Тут уж все сомнения, если у кого они и закрадывались, должны были сразу отпасть. Как-то телевидение приехало с утра снимать Залыгина – насколько помню, речь шла об экологии (это еще до инфаркта). Тут как тут Зелимханов; договорился быстренько с Розой Всеволодовной, что сядет в моем кабинете (меня как раз не было) и тоже что-нибудь скажет в камеру... Я, конечно, потом поворчал, выговорил Розе Всеволодовне за такое самоуправство. Но самое интересное случилось, когда чуть не вся редакция собралась в буфете у экрана телевизора поглядеть на выступление своего шефа (передача шла в рабочее время). Действительно, вот кратко говорит Залыгин, мелькает в титрах "академик". И вдруг – Зелимханов! Видом куда внушительней Залыгина! Вальяжно расселся за моим столом и вещает куда дольше! И тоже про экологию! А в титрах: "Ведущий сотрудник журнала "Новый мир", "академик". Оказывается, и тут не придерешься: существовала в числе мириад самозванных "академий" такая, которой он был "действительным членом"...

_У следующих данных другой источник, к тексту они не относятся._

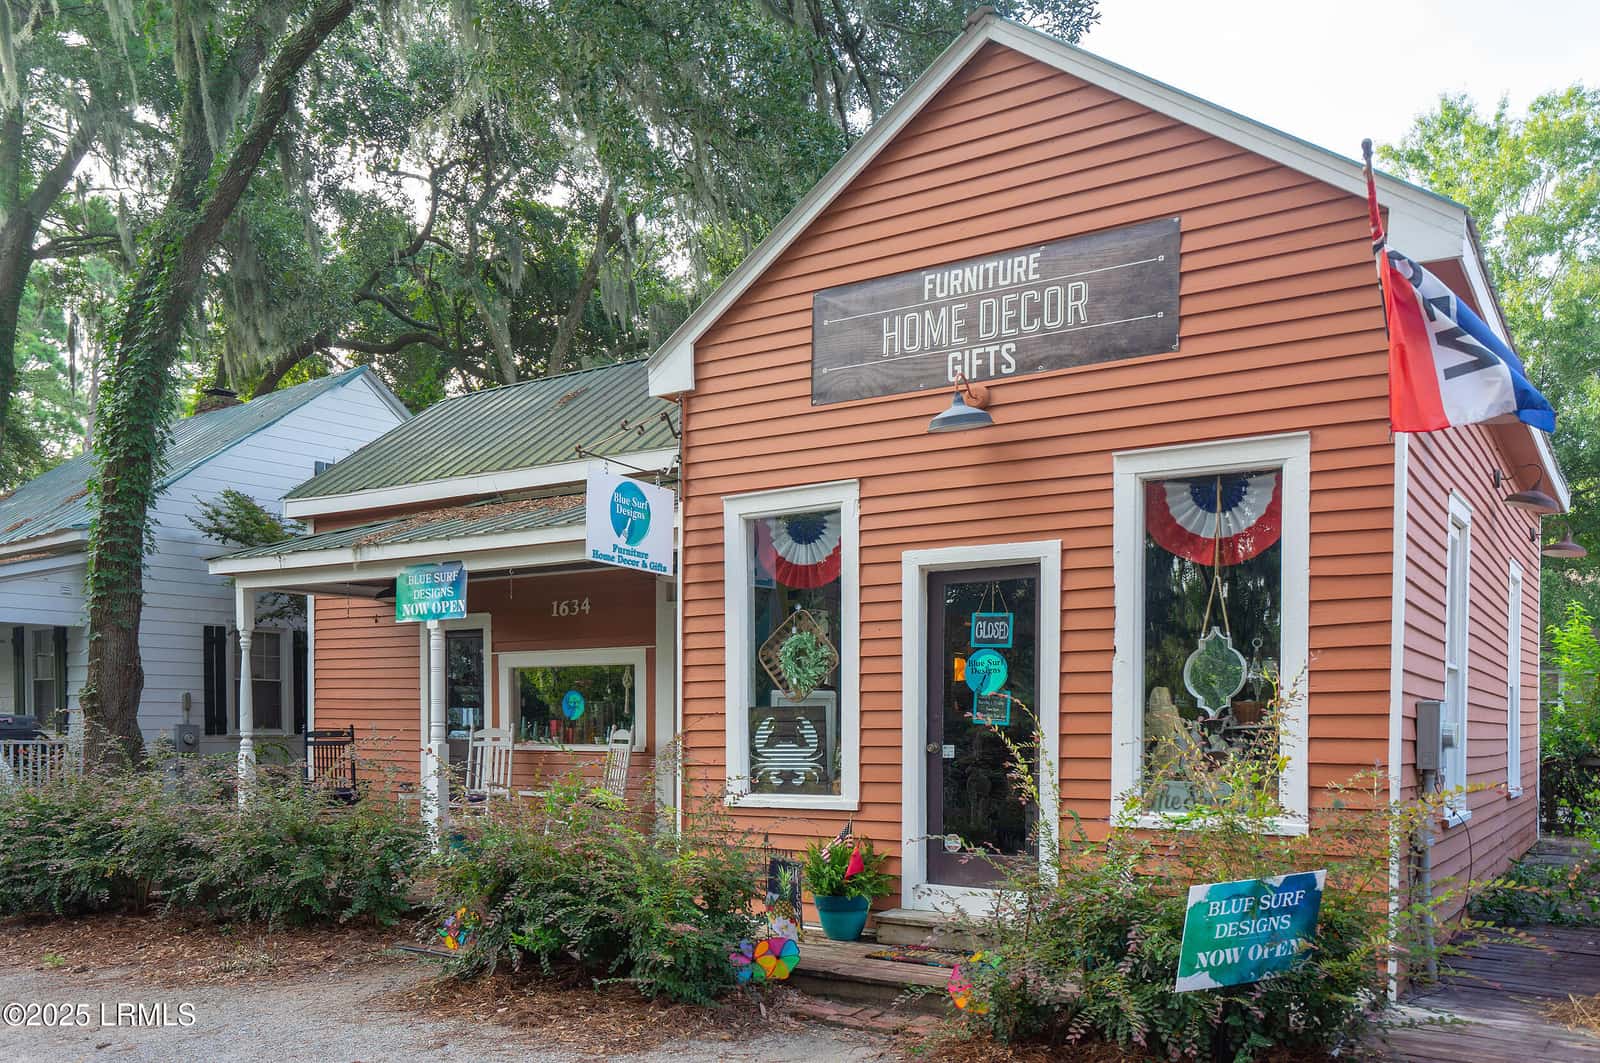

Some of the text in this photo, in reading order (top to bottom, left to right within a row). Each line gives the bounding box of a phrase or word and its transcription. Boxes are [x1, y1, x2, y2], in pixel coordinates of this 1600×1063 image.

Василевскому бы, с его будущим "действительным членством", этот урок усвоить, да куда там! Пожалуй, глядел и завидовал. Учился жить.
Зелимханов и в журнале печатался – приносил главному редактору какие-то фразочки-шуточки, и все тут. И хотя в "Новом мире" подобный жанр выглядел, мягко говоря, экзотически, Залыгин не решался отказать. Сразу вызывал Василевского и поручал готовить рукопись непосредственно ему – меня, зная мою придирчивость и опасаясь неожиданностей, даже в известность не ставил. Так и шла в печать рукопись, мной не подписанная, и в журнале появлялось примерно следующее:
"Зависть, подлость, бессовестность и невоздержанность – разные дороги к одной бездонной пропасти".

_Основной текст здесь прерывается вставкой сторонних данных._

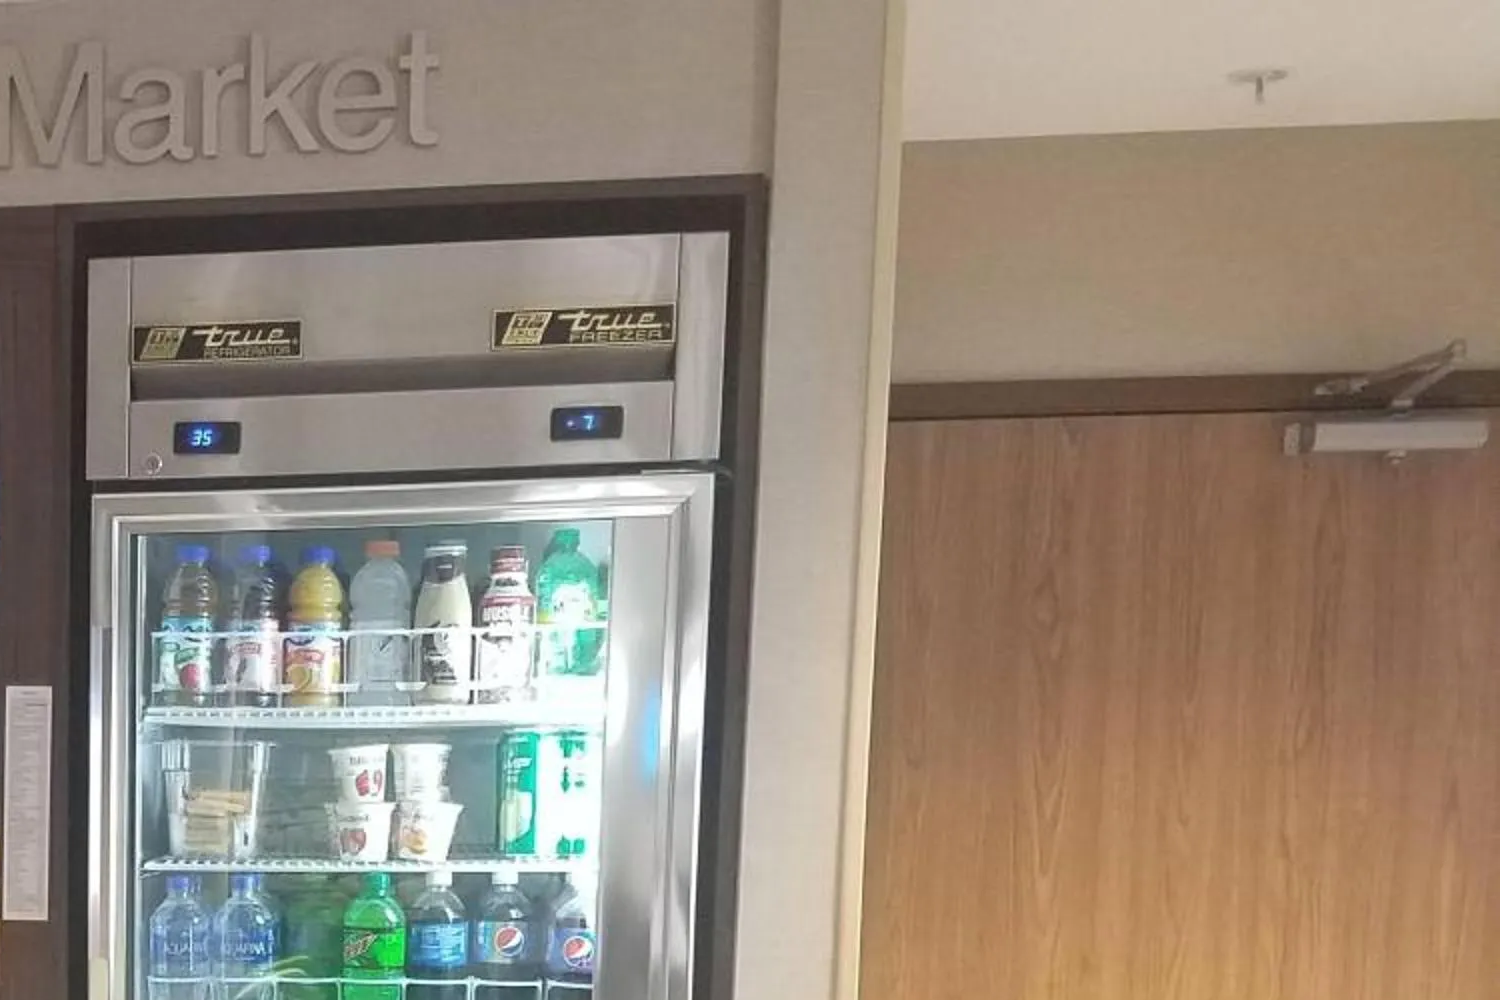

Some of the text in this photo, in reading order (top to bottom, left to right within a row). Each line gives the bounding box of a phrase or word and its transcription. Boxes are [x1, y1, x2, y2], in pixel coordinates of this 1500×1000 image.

"Некомпетентный человек, заняв должность, более подвержен коррупции, нежели профессионал".
"Муж имеет на свою жену не исключительное, а преимущественное право".
Наконец, крик души:
"Не всякая эпоха благоприятствует авантюризму. Недавно можно было сколотить разве что альпинистскую группу. А теперь – и фонд. И секту".
Полагаю, в минувшие полтора десятилетия жизненные пути многих читателей пересекались с загадочными личностями, чем-то похожими на Зелимханова...
Итак, мы втроем на даче у Залыгина.
– На нас наехали, – такими словами (буквально), произнесенными чуть не шепотом, встретил нас Сергей Павлович в гостиной на втором этаже.
И рассказал о том, что у него по ночам раздаются странные звонки: аноним с кавказским акцентом (притворным?) требует "отдать процент". Первый звонок был давно, чуть не в феврале (все тот же злосчастный февраль!).
Настроение Сергея Павловича передалось всем. Не могу ручаться за Зелимханова, но мы со Спасским сидели ошарашенные и подавленные.
– Легче всего заподозрить Коробейникова, – продолжал Сергей Павлович. – Но он мелкая сошка, заурядный стукач. За его спиной кто-то стоит. Кто хорошо знает наши финансовые дела. Кстати, теперь ясно, что нападение на вас... – Залыгин многозначительно повернулся ко мне, не договорив.
Это стало для меня вторым чудовищным ударом. До сих пор я даже себе не смел в этом признаться, глушил любые подозрения. Как с такими мыслями можно работать, каждый день встречаться с людьми? И вот дождался, что об этом вслух заговорили другие.